Whether you need a contract drafted, negotiated, or reviewed, the experienced attorneys at Cornerstone Law can help. Contact us to schedule a consultation today.

Hunting Offenses in Pennsylvania

Here are the key takeaways from this article:

  1. Your hunting privileges can be revoked for any hunting offense. Game Wardens and Judges do not have to tell you in advance about the revocation.
  2. If you are charged with a summary 1, 2 or 3 offense you really should talk to an attorney.
  3. The PA Hunting and Trapping Digest is NOT an official statement of the law. It is a summary.
  4. To be convicted of baiting, you have to know or have reason to know the bait was there and the bait has to serve as an effective lure for the area where you were hunting.
  5. If you encounter a Game Warden, you are required to identify yourself and provide your license and tags. In a few cases you are required to give other information. Do not lie to them.
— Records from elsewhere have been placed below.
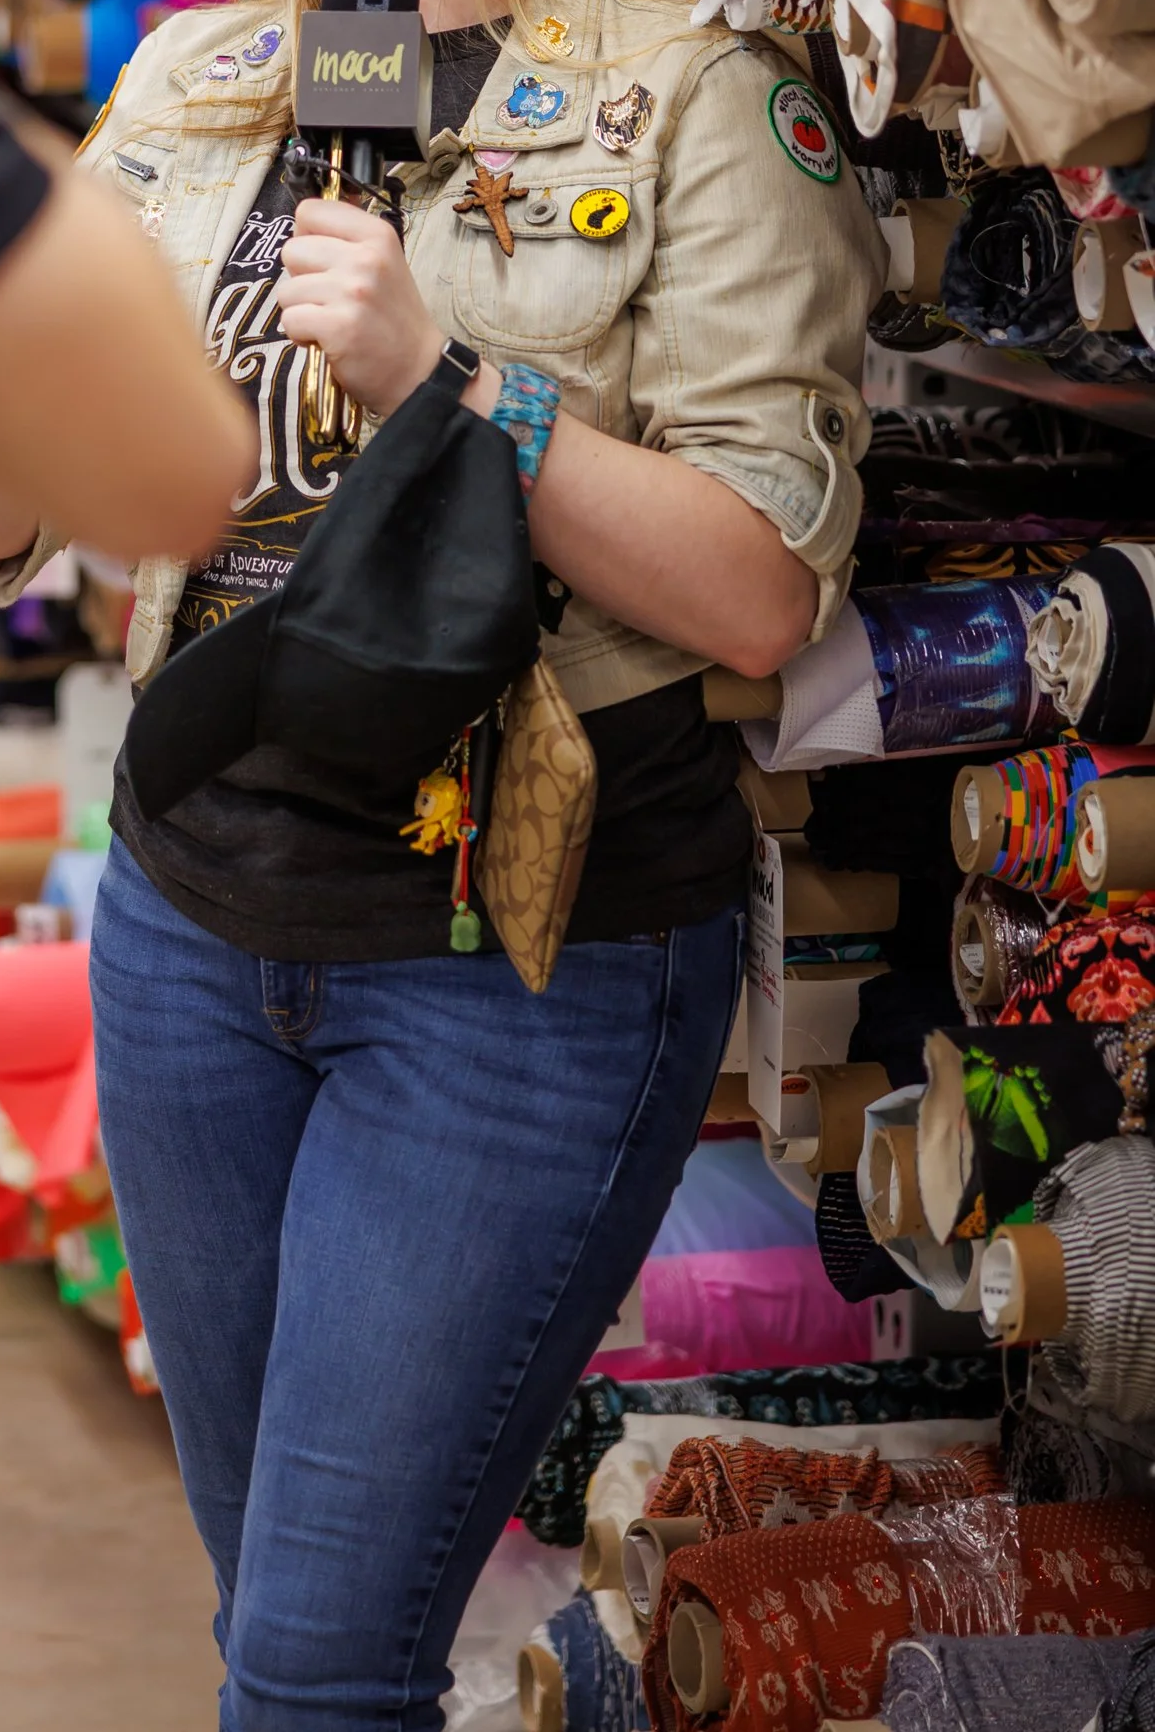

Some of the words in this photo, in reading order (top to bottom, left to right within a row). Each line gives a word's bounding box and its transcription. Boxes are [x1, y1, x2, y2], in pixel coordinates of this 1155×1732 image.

[312, 43, 405, 85] mood
[779, 88, 801, 114] stitch
[791, 141, 823, 173] worry
[583, 227, 611, 236] CHICKEN
[214, 553, 225, 569] OF
[200, 569, 218, 582] AND
[245, 576, 270, 589] THINGS.
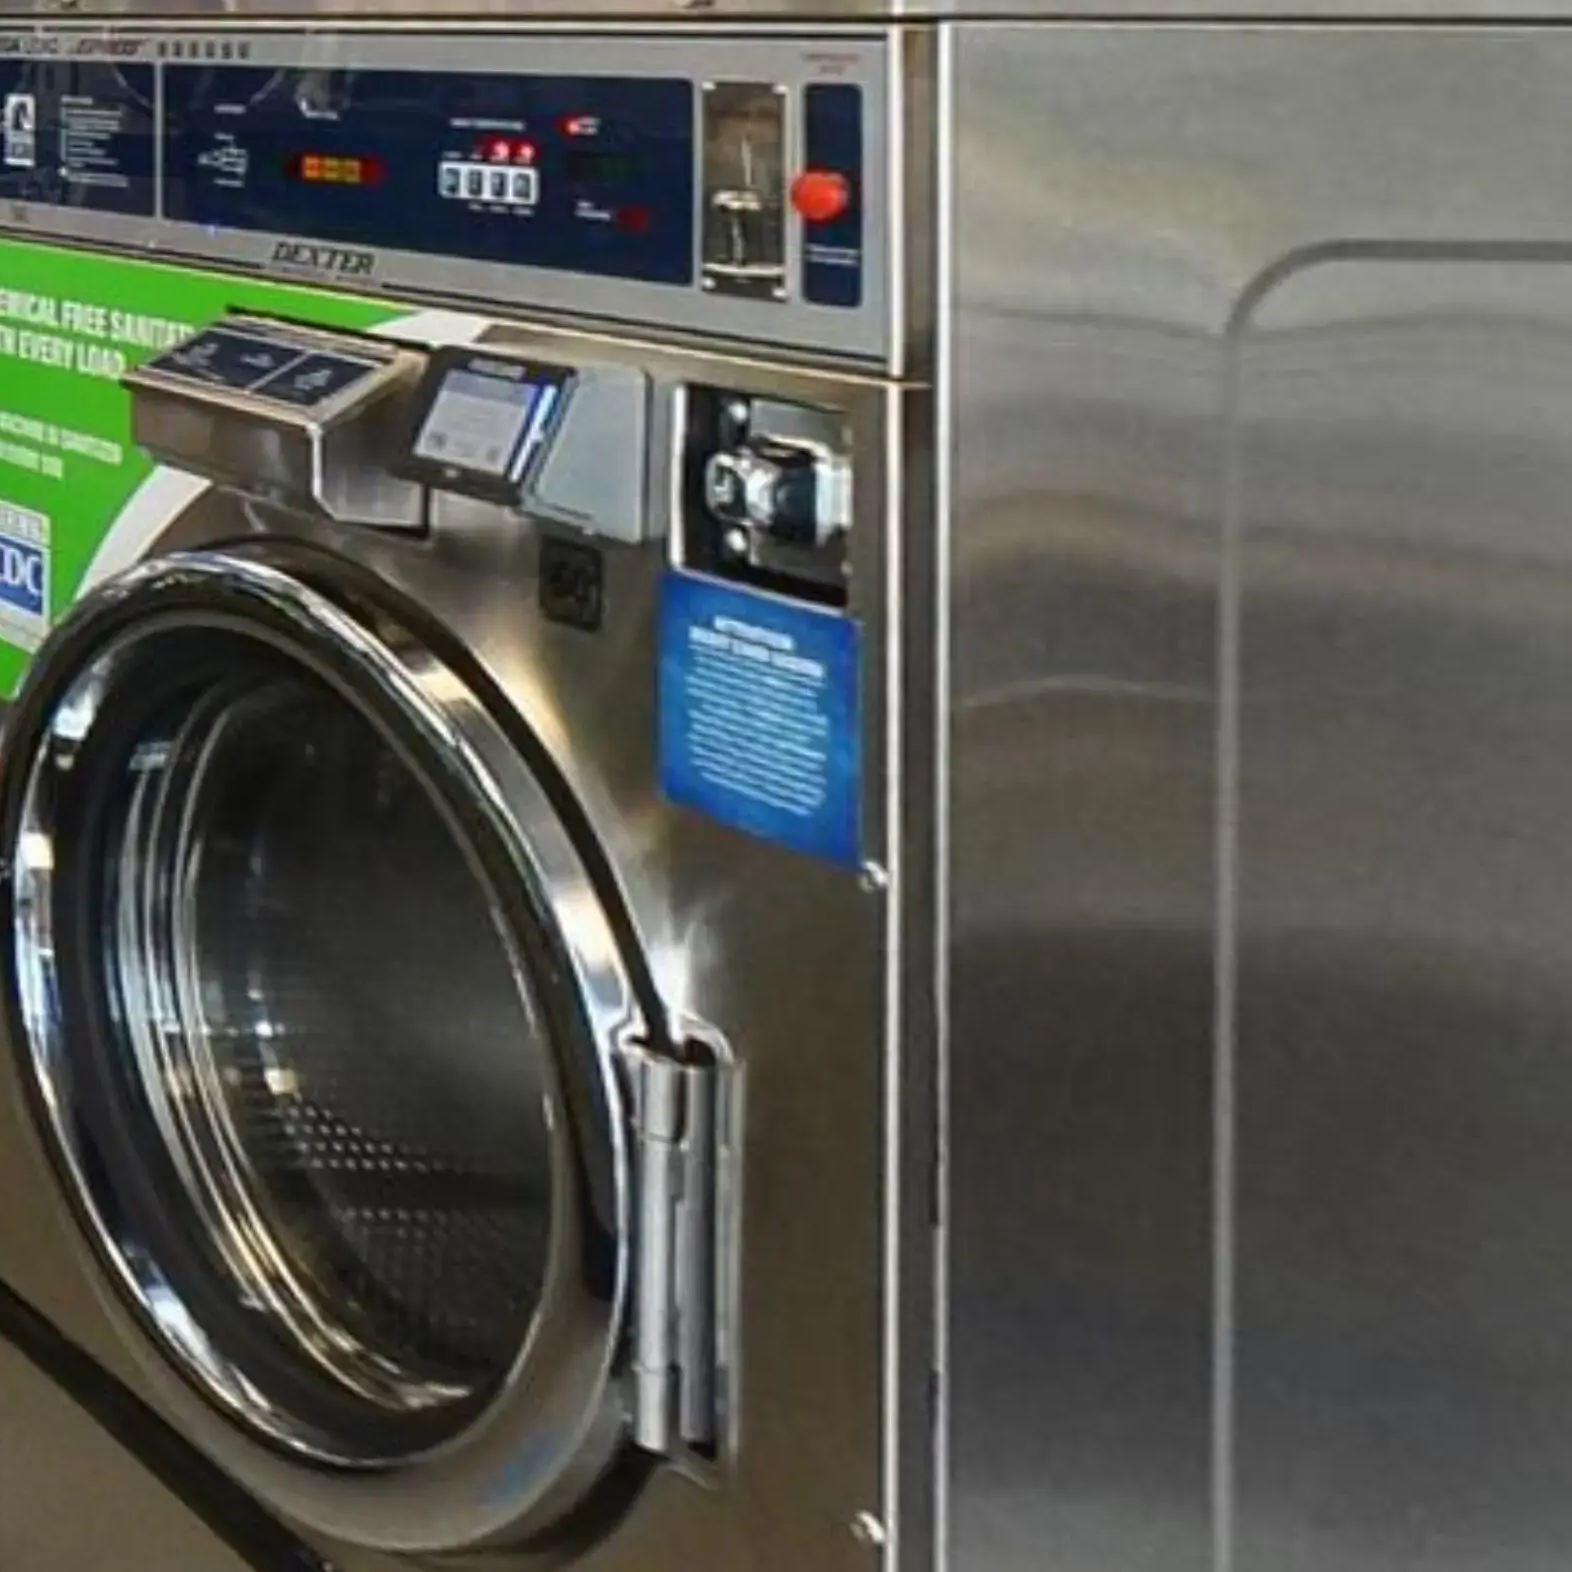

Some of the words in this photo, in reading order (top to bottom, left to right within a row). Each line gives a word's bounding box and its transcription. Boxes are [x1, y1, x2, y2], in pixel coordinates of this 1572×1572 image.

I. Do NOT Blindly Plead Guilty to Hunting Offenses

In Pennsylvania there are about two dozen possible charges that a hunter could receive under the Game Code. There are about five that we see very commonly.

All Game Code offenses are given a grading and a range of penalties. The vast majority of Game Code offenses are summary offenses. Summary offenses are the least serious type of offense in Pennsylvania and are almost always punishable by a fine. There are a couple Game Code Offenses that could be misdemeanors, but those are the most serious and beyond the scope of this article.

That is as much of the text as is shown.